**Task details**. Each line below should be reproduced without any alteration.

⁂

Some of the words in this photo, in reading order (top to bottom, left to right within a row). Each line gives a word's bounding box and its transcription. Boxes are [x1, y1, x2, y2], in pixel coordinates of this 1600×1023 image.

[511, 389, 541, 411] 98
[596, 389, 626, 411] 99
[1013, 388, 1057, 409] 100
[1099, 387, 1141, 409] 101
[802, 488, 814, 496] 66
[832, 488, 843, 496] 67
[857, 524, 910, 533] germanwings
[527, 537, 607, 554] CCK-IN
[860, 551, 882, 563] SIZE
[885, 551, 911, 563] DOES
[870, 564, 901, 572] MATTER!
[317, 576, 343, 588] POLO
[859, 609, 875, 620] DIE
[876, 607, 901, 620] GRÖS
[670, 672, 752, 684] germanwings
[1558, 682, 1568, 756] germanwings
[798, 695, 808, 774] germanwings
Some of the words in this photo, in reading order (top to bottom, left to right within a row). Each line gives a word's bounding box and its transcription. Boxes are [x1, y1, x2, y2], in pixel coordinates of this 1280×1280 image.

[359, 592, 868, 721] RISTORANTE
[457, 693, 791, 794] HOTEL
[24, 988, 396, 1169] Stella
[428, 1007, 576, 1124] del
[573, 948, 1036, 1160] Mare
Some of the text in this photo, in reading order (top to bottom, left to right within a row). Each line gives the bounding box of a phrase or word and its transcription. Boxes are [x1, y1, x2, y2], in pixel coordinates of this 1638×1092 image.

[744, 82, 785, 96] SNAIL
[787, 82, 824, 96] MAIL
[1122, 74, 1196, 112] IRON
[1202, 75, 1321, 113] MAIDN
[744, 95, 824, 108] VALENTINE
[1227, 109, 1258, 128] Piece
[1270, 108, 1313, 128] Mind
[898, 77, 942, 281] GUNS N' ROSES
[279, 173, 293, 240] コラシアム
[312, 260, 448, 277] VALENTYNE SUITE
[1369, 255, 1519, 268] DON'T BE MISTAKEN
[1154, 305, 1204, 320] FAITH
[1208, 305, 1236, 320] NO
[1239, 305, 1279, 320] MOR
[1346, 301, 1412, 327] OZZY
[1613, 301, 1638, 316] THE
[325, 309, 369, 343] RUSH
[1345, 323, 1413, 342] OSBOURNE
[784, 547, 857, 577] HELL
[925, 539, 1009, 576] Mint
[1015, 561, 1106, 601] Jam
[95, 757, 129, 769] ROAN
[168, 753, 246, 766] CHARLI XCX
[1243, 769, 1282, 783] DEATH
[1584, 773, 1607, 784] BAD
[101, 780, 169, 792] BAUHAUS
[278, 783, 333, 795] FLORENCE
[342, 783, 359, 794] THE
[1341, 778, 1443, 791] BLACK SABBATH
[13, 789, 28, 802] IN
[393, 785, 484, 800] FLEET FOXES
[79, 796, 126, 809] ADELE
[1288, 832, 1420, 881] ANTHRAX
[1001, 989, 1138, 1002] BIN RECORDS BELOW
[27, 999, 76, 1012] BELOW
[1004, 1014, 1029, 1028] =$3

⁂

**Solution to this exercise**.
Some of the words in this photo, in reading order (top to bottom, left to right within a row). Each line gives a word's bounding box and its transcription. Boxes are [x1, y1, x2, y2], in pixel coordinates of this 1600×1023 image.

[511, 389, 541, 411] 98
[596, 389, 626, 411] 99
[1013, 388, 1057, 409] 100
[1099, 387, 1141, 409] 101
[802, 488, 814, 496] 66
[832, 488, 843, 496] 67
[857, 524, 910, 533] germanwings
[527, 537, 607, 554] CCK-IN
[860, 551, 882, 563] SIZE
[885, 551, 911, 563] DOES
[870, 564, 901, 572] MATTER!
[317, 576, 343, 588] POLO
[859, 609, 875, 620] DIE
[876, 607, 901, 620] GRÖS
[670, 672, 752, 684] germanwings
[1558, 682, 1568, 756] germanwings
[798, 695, 808, 774] germanwings
Some of the words in this photo, in reading order (top to bottom, left to right within a row). Each line gives a word's bounding box and its transcription. Boxes are [x1, y1, x2, y2], in pixel coordinates of this 1280×1280 image.

[359, 592, 868, 721] RISTORANTE
[457, 693, 791, 794] HOTEL
[24, 988, 396, 1169] Stella
[428, 1007, 576, 1124] del
[573, 948, 1036, 1160] Mare
Some of the text in this photo, in reading order (top to bottom, left to right within a row). Each line gives the bounding box of a phrase or word and its transcription. Boxes are [x1, y1, x2, y2], in pixel coordinates of this 1638×1092 image.

[744, 82, 785, 96] SNAIL
[787, 82, 824, 96] MAIL
[1122, 74, 1196, 112] IRON
[1202, 75, 1321, 113] MAIDN
[744, 95, 824, 108] VALENTINE
[1227, 109, 1258, 128] Piece
[1270, 108, 1313, 128] Mind
[898, 77, 942, 281] GUNS N' ROSES
[279, 173, 293, 240] コラシアム
[312, 260, 448, 277] VALENTYNE SUITE
[1369, 255, 1519, 268] DON'T BE MISTAKEN
[1154, 305, 1204, 320] FAITH
[1208, 305, 1236, 320] NO
[1239, 305, 1279, 320] MOR
[1346, 301, 1412, 327] OZZY
[1613, 301, 1638, 316] THE
[325, 309, 369, 343] RUSH
[1345, 323, 1413, 342] OSBOURNE
[784, 547, 857, 577] HELL
[925, 539, 1009, 576] Mint
[1015, 561, 1106, 601] Jam
[95, 757, 129, 769] ROAN
[168, 753, 246, 766] CHARLI XCX
[1243, 769, 1282, 783] DEATH
[1584, 773, 1607, 784] BAD
[101, 780, 169, 792] BAUHAUS
[278, 783, 333, 795] FLORENCE
[342, 783, 359, 794] THE
[1341, 778, 1443, 791] BLACK SABBATH
[13, 789, 28, 802] IN
[393, 785, 484, 800] FLEET FOXES
[79, 796, 126, 809] ADELE
[1288, 832, 1420, 881] ANTHRAX
[1001, 989, 1138, 1002] BIN RECORDS BELOW
[27, 999, 76, 1012] BELOW
[1004, 1014, 1029, 1028] =$3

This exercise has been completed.